§ **Work order**
Provide the entries once more, identical in every word.

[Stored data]
•••

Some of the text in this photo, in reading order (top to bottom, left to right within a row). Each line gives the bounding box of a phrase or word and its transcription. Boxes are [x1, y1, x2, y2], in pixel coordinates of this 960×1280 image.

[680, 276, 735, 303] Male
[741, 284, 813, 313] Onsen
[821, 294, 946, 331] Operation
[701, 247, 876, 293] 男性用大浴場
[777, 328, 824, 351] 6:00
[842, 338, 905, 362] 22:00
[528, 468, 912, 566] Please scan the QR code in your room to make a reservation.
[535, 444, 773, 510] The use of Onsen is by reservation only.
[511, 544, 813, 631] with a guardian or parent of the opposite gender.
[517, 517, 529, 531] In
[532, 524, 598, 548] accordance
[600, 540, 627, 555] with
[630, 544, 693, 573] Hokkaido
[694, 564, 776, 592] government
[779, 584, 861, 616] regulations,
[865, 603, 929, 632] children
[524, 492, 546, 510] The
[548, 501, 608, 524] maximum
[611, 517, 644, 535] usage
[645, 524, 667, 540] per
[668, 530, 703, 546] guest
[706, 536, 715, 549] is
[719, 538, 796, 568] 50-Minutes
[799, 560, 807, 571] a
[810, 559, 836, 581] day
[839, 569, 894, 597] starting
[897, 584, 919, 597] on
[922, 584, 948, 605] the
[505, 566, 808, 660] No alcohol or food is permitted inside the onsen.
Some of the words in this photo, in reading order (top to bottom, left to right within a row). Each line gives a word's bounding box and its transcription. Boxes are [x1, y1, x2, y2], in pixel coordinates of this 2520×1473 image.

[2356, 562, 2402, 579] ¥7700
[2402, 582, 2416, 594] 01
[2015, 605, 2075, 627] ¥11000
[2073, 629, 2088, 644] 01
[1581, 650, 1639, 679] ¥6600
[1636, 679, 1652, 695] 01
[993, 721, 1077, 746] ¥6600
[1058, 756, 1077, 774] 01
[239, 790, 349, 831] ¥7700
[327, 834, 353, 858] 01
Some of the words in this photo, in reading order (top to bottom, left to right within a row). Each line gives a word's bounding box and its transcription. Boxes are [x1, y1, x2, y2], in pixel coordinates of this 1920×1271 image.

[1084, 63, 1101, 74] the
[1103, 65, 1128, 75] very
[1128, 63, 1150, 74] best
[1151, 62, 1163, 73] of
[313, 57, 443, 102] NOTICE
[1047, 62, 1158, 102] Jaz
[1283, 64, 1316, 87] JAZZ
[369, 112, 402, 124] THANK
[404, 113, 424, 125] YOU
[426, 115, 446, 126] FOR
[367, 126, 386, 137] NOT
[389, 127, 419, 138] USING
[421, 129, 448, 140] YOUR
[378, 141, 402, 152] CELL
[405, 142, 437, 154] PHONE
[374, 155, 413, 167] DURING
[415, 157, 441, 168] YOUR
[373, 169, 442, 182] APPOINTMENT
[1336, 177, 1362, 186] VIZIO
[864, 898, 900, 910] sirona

•••

§ **Result**
Some of the text in this photo, in reading order (top to bottom, left to right within a row). Each line gives the bounding box of a phrase or word and its transcription. Boxes are [x1, y1, x2, y2], in pixel coordinates of this 960×1280 image.

[680, 276, 735, 303] Male
[741, 284, 813, 313] Onsen
[821, 294, 946, 331] Operation
[701, 247, 876, 293] 男性用大浴場
[777, 328, 824, 351] 6:00
[842, 338, 905, 362] 22:00
[528, 468, 912, 566] Please scan the QR code in your room to make a reservation.
[535, 444, 773, 510] The use of Onsen is by reservation only.
[511, 544, 813, 631] with a guardian or parent of the opposite gender.
[517, 517, 529, 531] In
[532, 524, 598, 548] accordance
[600, 540, 627, 555] with
[630, 544, 693, 573] Hokkaido
[694, 564, 776, 592] government
[779, 584, 861, 616] regulations,
[865, 603, 929, 632] children
[524, 492, 546, 510] The
[548, 501, 608, 524] maximum
[611, 517, 644, 535] usage
[645, 524, 667, 540] per
[668, 530, 703, 546] guest
[706, 536, 715, 549] is
[719, 538, 796, 568] 50-Minutes
[799, 560, 807, 571] a
[810, 559, 836, 581] day
[839, 569, 894, 597] starting
[897, 584, 919, 597] on
[922, 584, 948, 605] the
[505, 566, 808, 660] No alcohol or food is permitted inside the onsen.
Some of the words in this photo, in reading order (top to bottom, left to right within a row). Each line gives a word's bounding box and its transcription. Boxes are [x1, y1, x2, y2], in pixel coordinates of this 2520×1473 image.

[2356, 562, 2402, 579] ¥7700
[2402, 582, 2416, 594] 01
[2015, 605, 2075, 627] ¥11000
[2073, 629, 2088, 644] 01
[1581, 650, 1639, 679] ¥6600
[1636, 679, 1652, 695] 01
[993, 721, 1077, 746] ¥6600
[1058, 756, 1077, 774] 01
[239, 790, 349, 831] ¥7700
[327, 834, 353, 858] 01
Some of the words in this photo, in reading order (top to bottom, left to right within a row). Each line gives a word's bounding box and its transcription. Boxes are [x1, y1, x2, y2], in pixel coordinates of this 1920×1271 image.

[1084, 63, 1101, 74] the
[1103, 65, 1128, 75] very
[1128, 63, 1150, 74] best
[1151, 62, 1163, 73] of
[313, 57, 443, 102] NOTICE
[1047, 62, 1158, 102] Jaz
[1283, 64, 1316, 87] JAZZ
[369, 112, 402, 124] THANK
[404, 113, 424, 125] YOU
[426, 115, 446, 126] FOR
[367, 126, 386, 137] NOT
[389, 127, 419, 138] USING
[421, 129, 448, 140] YOUR
[378, 141, 402, 152] CELL
[405, 142, 437, 154] PHONE
[374, 155, 413, 167] DURING
[415, 157, 441, 168] YOUR
[373, 169, 442, 182] APPOINTMENT
[1336, 177, 1362, 186] VIZIO
[864, 898, 900, 910] sirona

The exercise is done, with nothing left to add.